Data provided Start Marker

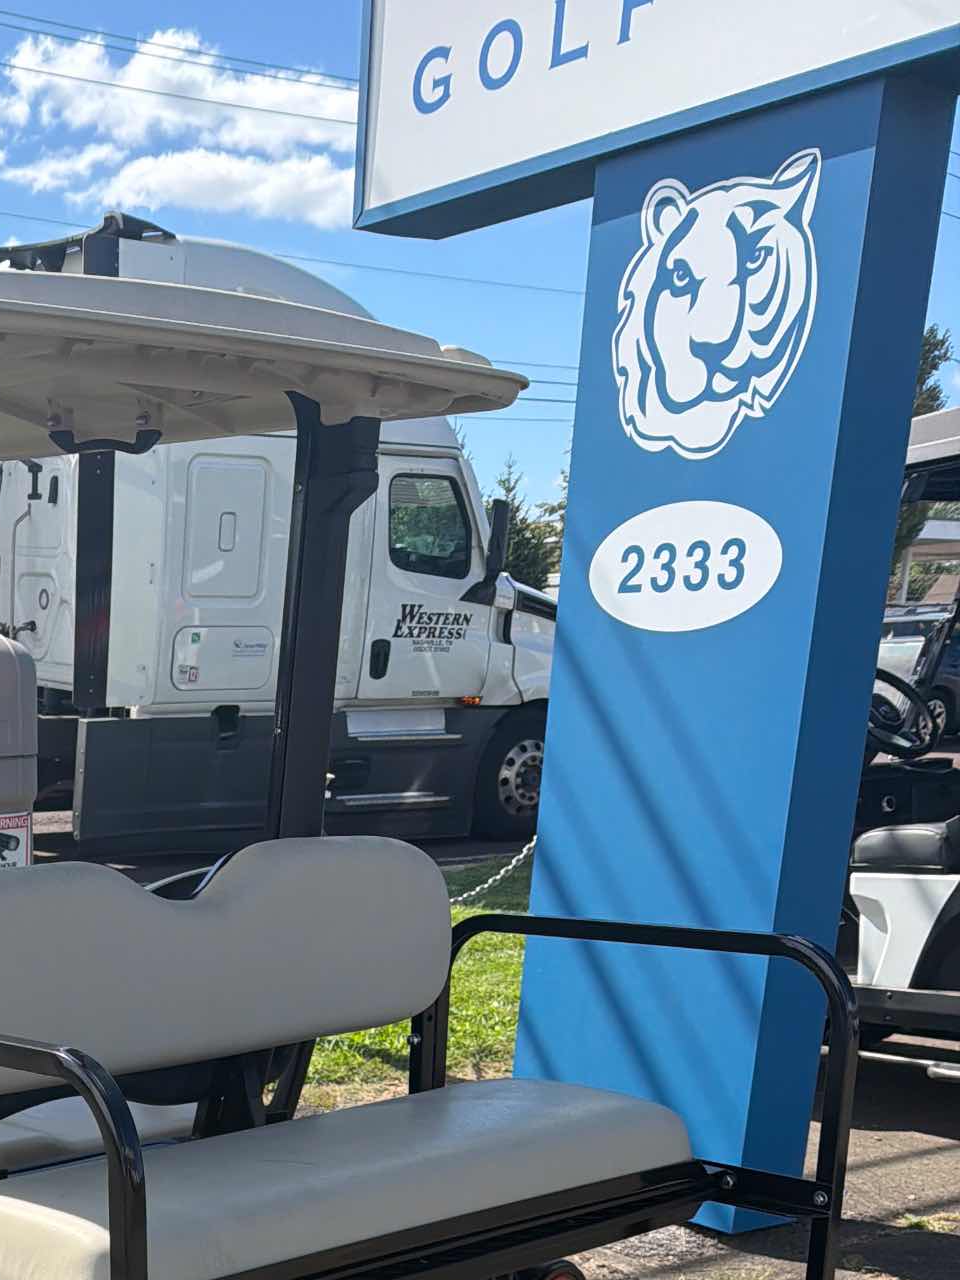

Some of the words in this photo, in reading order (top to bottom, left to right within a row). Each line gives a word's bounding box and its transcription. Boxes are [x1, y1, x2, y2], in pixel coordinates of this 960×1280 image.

[413, 0, 654, 114] GOLF
[617, 537, 746, 594] 2333
[392, 618, 464, 640] EXPRESS
[401, 603, 473, 626] WESTERN
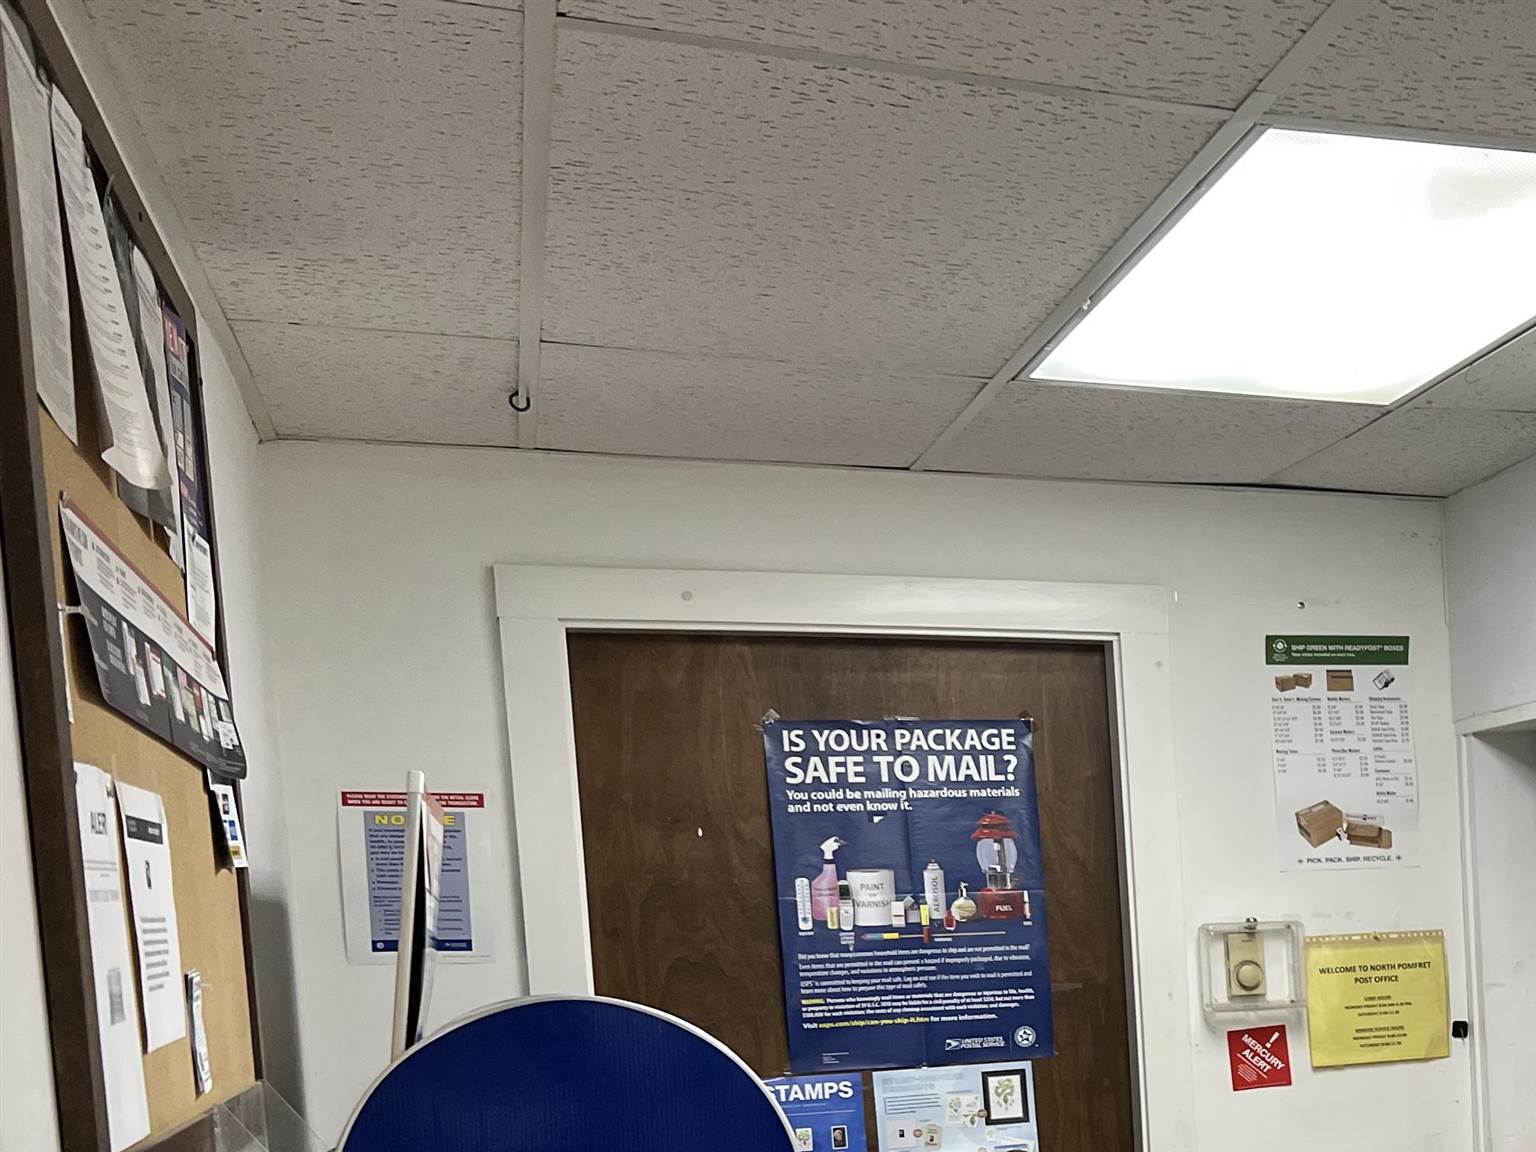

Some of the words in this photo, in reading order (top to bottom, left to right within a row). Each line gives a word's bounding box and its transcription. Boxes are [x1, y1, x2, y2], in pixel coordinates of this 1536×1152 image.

[782, 730, 807, 751] IS
[812, 730, 888, 751] YOUR
[894, 729, 1016, 750] PACKAGE
[785, 756, 866, 784] SAFE
[873, 756, 920, 782] TO
[928, 755, 1017, 782] MAIL?
[786, 790, 808, 800] You
[811, 789, 844, 799] could
[846, 789, 861, 799] be
[864, 788, 906, 802] mailing
[909, 788, 967, 798] hazardous
[970, 786, 1020, 797] materials
[787, 802, 811, 813] and
[814, 802, 833, 812] not
[837, 803, 864, 812] even
[867, 801, 897, 811] know
[901, 801, 913, 810] it.
[860, 883, 884, 892] PAINT
[1319, 965, 1357, 974] WELCOME
[1370, 963, 1396, 971] NORTH
[1398, 961, 1431, 969] POMFRET
[1242, 1034, 1284, 1070] MERCURY
[1242, 1049, 1271, 1073] ALERT
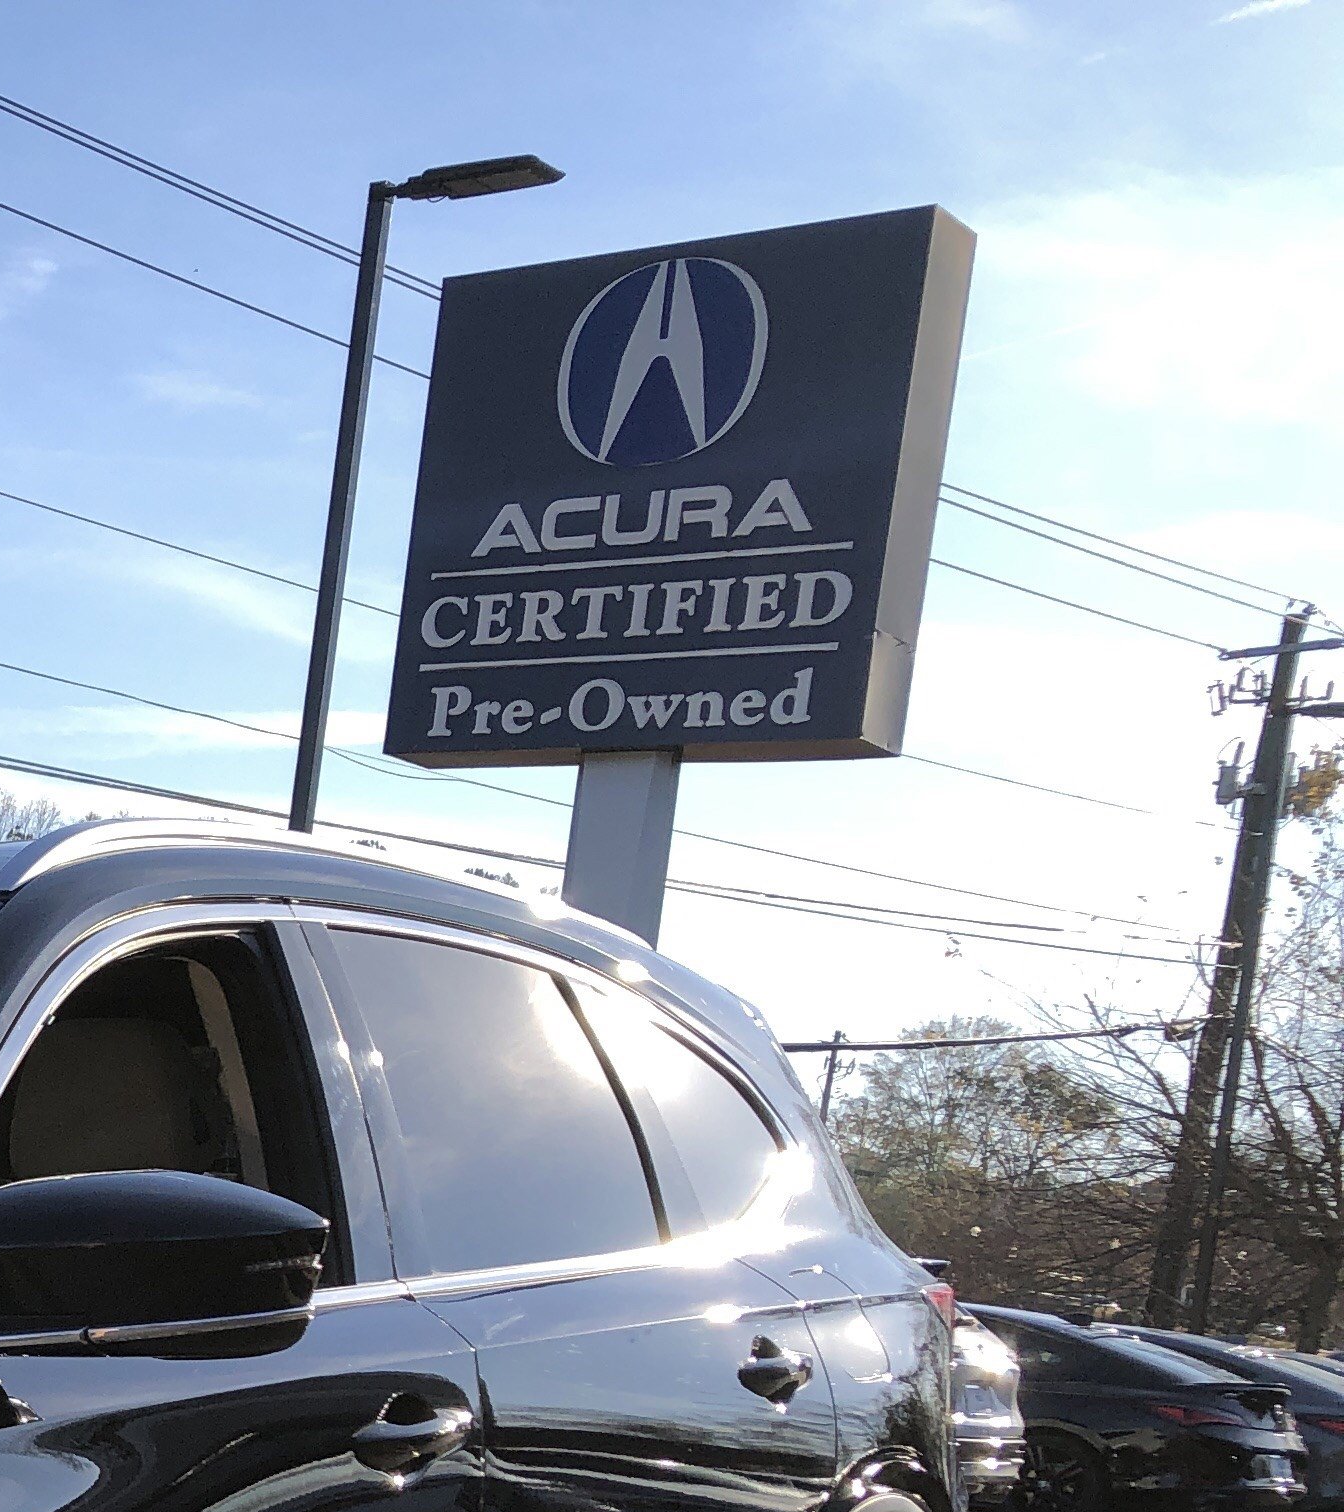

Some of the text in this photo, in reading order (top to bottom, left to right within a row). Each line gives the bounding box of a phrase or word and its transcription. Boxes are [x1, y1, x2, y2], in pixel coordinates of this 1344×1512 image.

[471, 478, 813, 558] ACURA
[420, 569, 854, 649] CERTIFIED
[426, 667, 814, 738] Pre-Owned

Data provided End Marker

→ **Your assignment**
With all pictures omitted, return exactly the lines from the one containing "this 1536×1152 image." through the end of the entries above.

→ **Task result**
Some of the words in this photo, in reading order (top to bottom, left to right within a row). Each line gives a word's bounding box and its transcription. Boxes are [x1, y1, x2, y2], in pixel coordinates of this 1536×1152 image.

[782, 730, 807, 751] IS
[812, 730, 888, 751] YOUR
[894, 729, 1016, 750] PACKAGE
[785, 756, 866, 784] SAFE
[873, 756, 920, 782] TO
[928, 755, 1017, 782] MAIL?
[786, 790, 808, 800] You
[811, 789, 844, 799] could
[846, 789, 861, 799] be
[864, 788, 906, 802] mailing
[909, 788, 967, 798] hazardous
[970, 786, 1020, 797] materials
[787, 802, 811, 813] and
[814, 802, 833, 812] not
[837, 803, 864, 812] even
[867, 801, 897, 811] know
[901, 801, 913, 810] it.
[860, 883, 884, 892] PAINT
[1319, 965, 1357, 974] WELCOME
[1370, 963, 1396, 971] NORTH
[1398, 961, 1431, 969] POMFRET
[1242, 1034, 1284, 1070] MERCURY
[1242, 1049, 1271, 1073] ALERT

Some of the text in this photo, in reading order (top to bottom, left to right within a row). Each line gives the bounding box of a phrase or word and its transcription. Boxes are [x1, y1, x2, y2], in pixel coordinates of this 1344×1512 image.

[471, 478, 813, 558] ACURA
[420, 569, 854, 649] CERTIFIED
[426, 667, 814, 738] Pre-Owned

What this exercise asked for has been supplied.